'Islands' review or 'Shall we all just jump in the sea?'

Islands, Caroline Horton
Bush Theatre, 19th January 2015



‘Islands’ has been slaughtered by most of the critics and, let’s face it, the show is a monumental mess. Set in a mysterious land, floating somewhere above the ‘little people’ in ‘shit world’, ‘Islands’ is supposedly a surreal and grotesque examination of tax havens and the people who enjoy them. Mostly, though, this show fees like a lot of very smart and talented performers have gotten mightily carried away and forgotten both their subject matter and their audience. But there is one thing that rescues this kaleidoscopic fury of a production: Caroline Horton. Put Horton on a stage and the whole space seems to fill with an eerie power, sadness and hope.

Horton’s entrance is thrilling. She staggers into the stage space – an empty pool (designed with grotty relish by Oliver Townsend) full of random detritus, dying plants and a toilet – and pumps the theatre full of a clingy and unsettling atmosphere. Horton wears a crash helmet, chalky make-up and a mass of scraggly skirts and petticoats. Something sinister and sparkly dangles between her legs and huge inflatable boobs droop from her chest. She looks like a tramp crossed with a rotting Playboy magazine, Puck from Midsummer Night’s Dream and some weird nightmare you never quite woke up from.  

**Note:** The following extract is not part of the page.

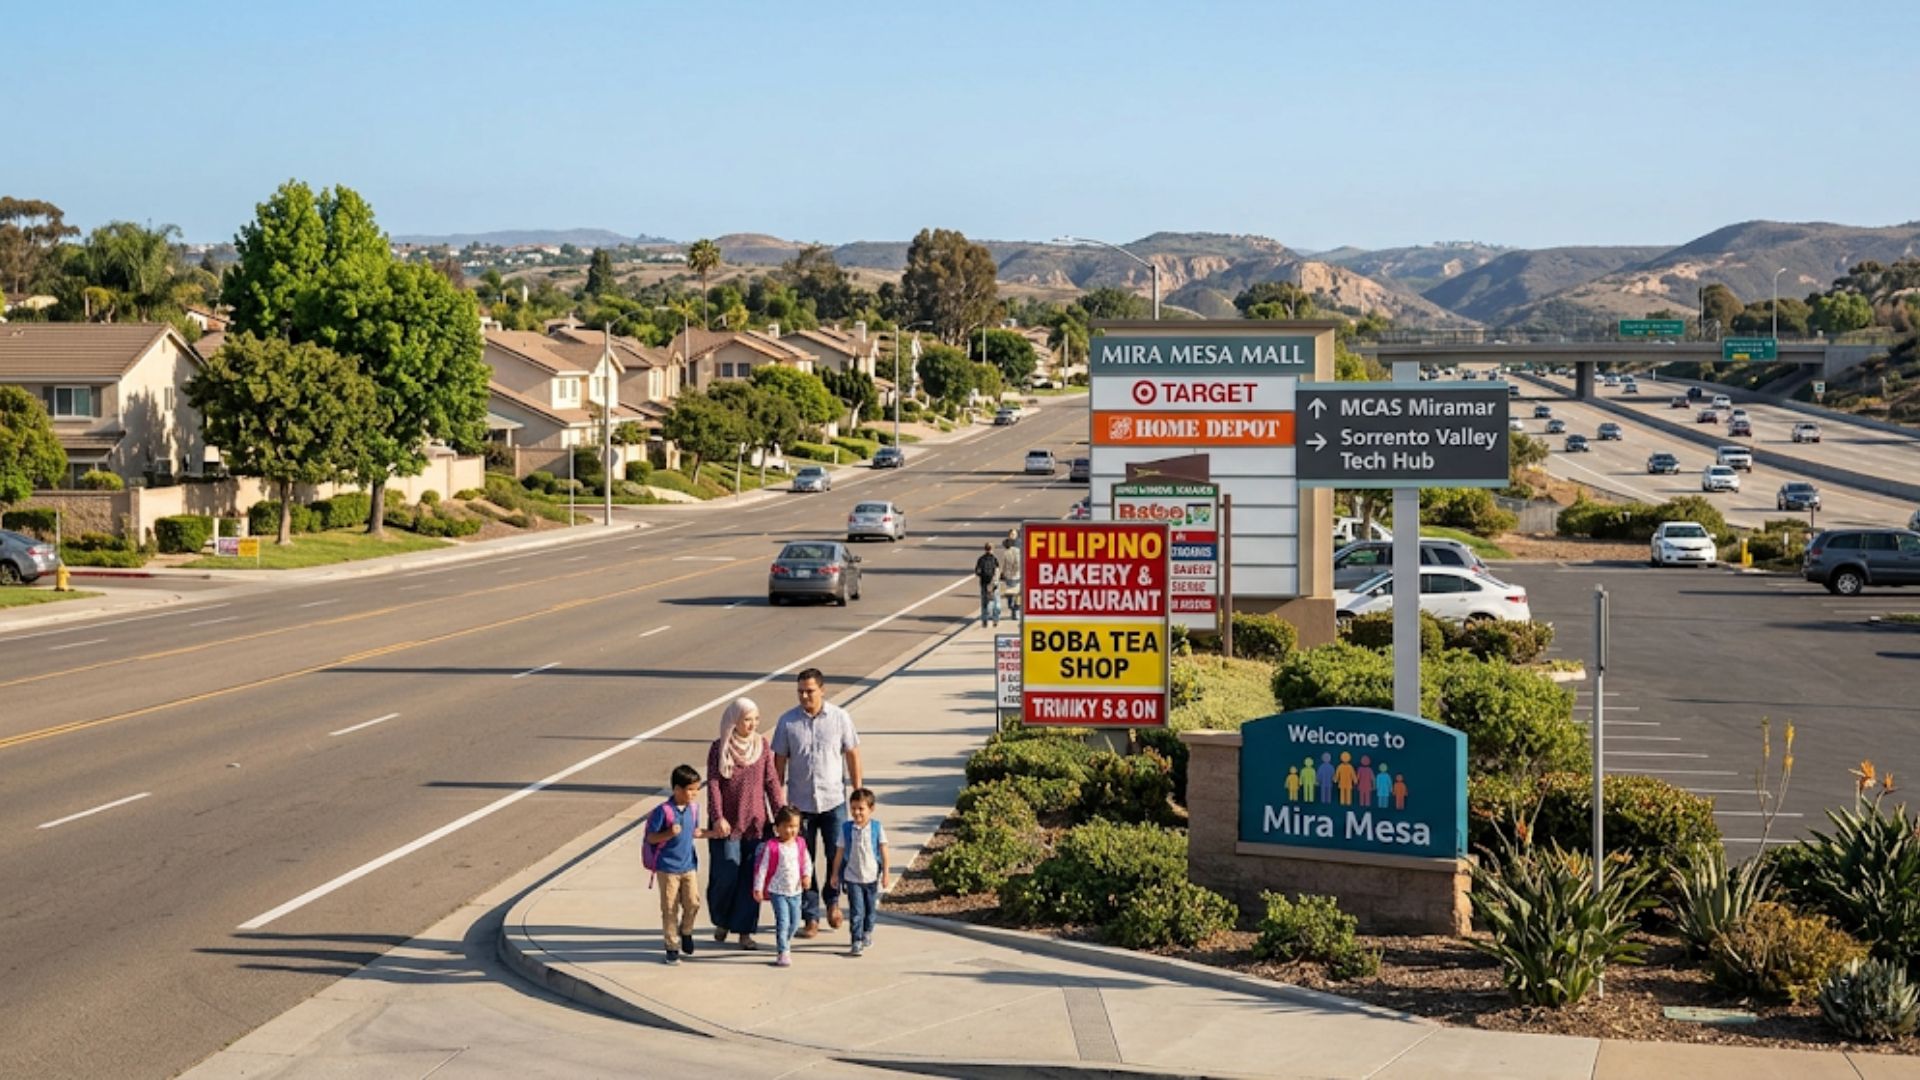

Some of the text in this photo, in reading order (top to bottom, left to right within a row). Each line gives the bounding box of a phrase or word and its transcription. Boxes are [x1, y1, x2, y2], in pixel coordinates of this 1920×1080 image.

Horton shuffles around the space, grinning manically and guzzling down cherries. You can feel the audience’s confusion. They want to pull away but there is something so compelling about Horton that pulls you in, almost in spite of yourself. She makes you want to love her even though your very skin recoils from her presence.

So, yes, Horton’s character is fucked up and kind of fucking amazing. But then the play happens and the power of Horton’s Mary – a strange demi-god who hovers above the real world and rules over her screwed up subjects – is lost in the confusion. The key problem here is that the subject matter is quite dull. ‘Islands’ was written in conjunction with ‘experts in offshore finance’. Yawn. Perhaps this research turned out to be packed with jargon and dry as hell. It feels like the company grew frightened of their material and decided to chuck every prop, madcap character, weird fantasy, Biblical reference and odd digression at their show, in a manic attempt to sex things up. The show smells of fear (which director Omar Elerian has done little to dispel): the fear of being boring.

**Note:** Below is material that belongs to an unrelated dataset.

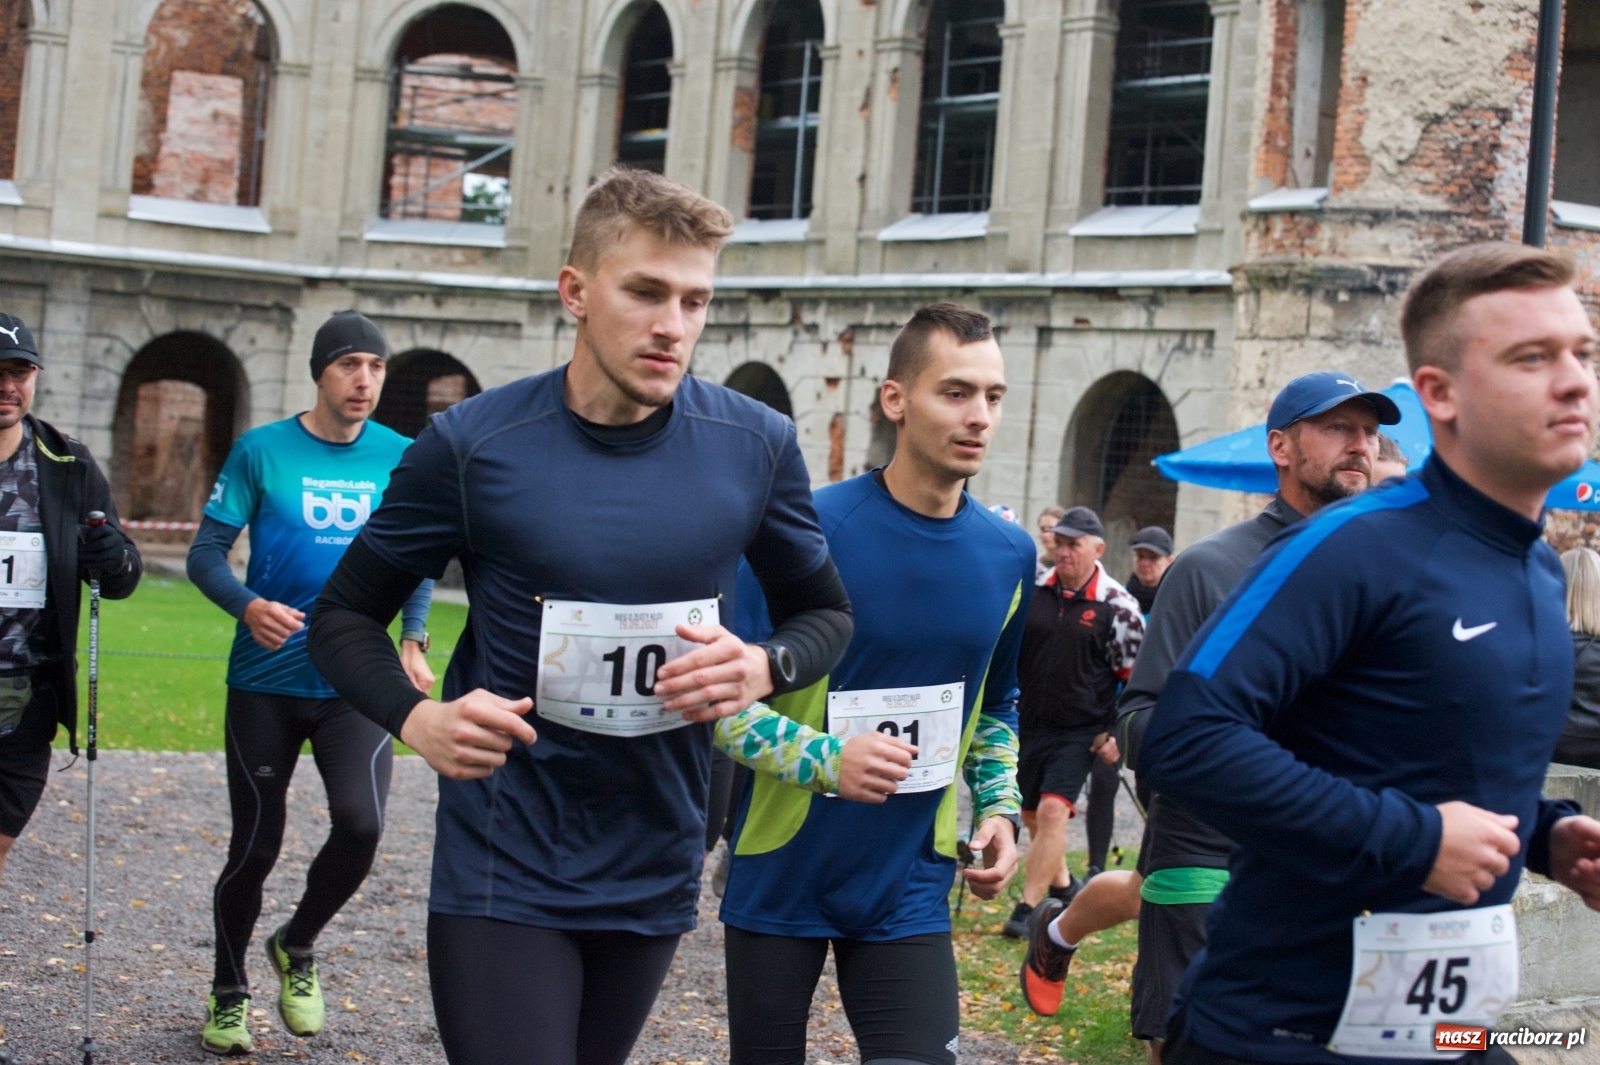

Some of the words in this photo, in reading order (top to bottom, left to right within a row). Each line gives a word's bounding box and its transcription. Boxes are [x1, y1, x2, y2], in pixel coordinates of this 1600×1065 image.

[302, 491, 371, 531] bbl
[603, 644, 666, 696] 10
[1405, 957, 1470, 1014] 45

It is very hard to spot the research among the chaos. Instead of learning something – or at least feeling something - about tax havens, we merely get mightily confused. Little glimmers of sense emerge from the madness, as Mary and her followers rattle around the space, sing songs, drag about bloodied packages, share weird allegories and laugh at the little people of ‘shit world’.

So – glimmers of sense. At one point, a glowing mannequin warns Mary and her followers that the people of shit-world are going to start clamping down on off-shore havens. That is one of the few clues (other than some endless banging on about a bowl of cherries) that these crackers characters are somehow tied up with tax. Red lights flash and everyone runs about for a bit. During a spoof game-show, we are drip fed some information about how the privileged few avoid their taxes. Nuggets of sense are occasionally chucked at us, but they make little impact amid the chaos.

Some moments do stick and suggest what this show might have been, if only the ensemble had pulled their heads out of their ass and pulled things together. There’s an amazing cabaret scene from Simon Startin who, half naked and dressed in a pink feather bower, sings the song of the little man and meakly bleats about the importance of austerity measures. And then there is Caroline Horton. In one startling scene, Horton’s Mary sits on a creaky platform and describes the horrific details behind a bull fight. She describes the way in which the bull is actually ‘killed’ twice and how the matador hacks away at the spinal cord, paralysing the bull in order to imitate death. It is such a strange and gripping moment and, for a second, we wonder how much everyday ‘spectacles’ might distract us from grim reality. And then someone starts stripping, puking or singing a weird little ditty and we stop thinking altogether.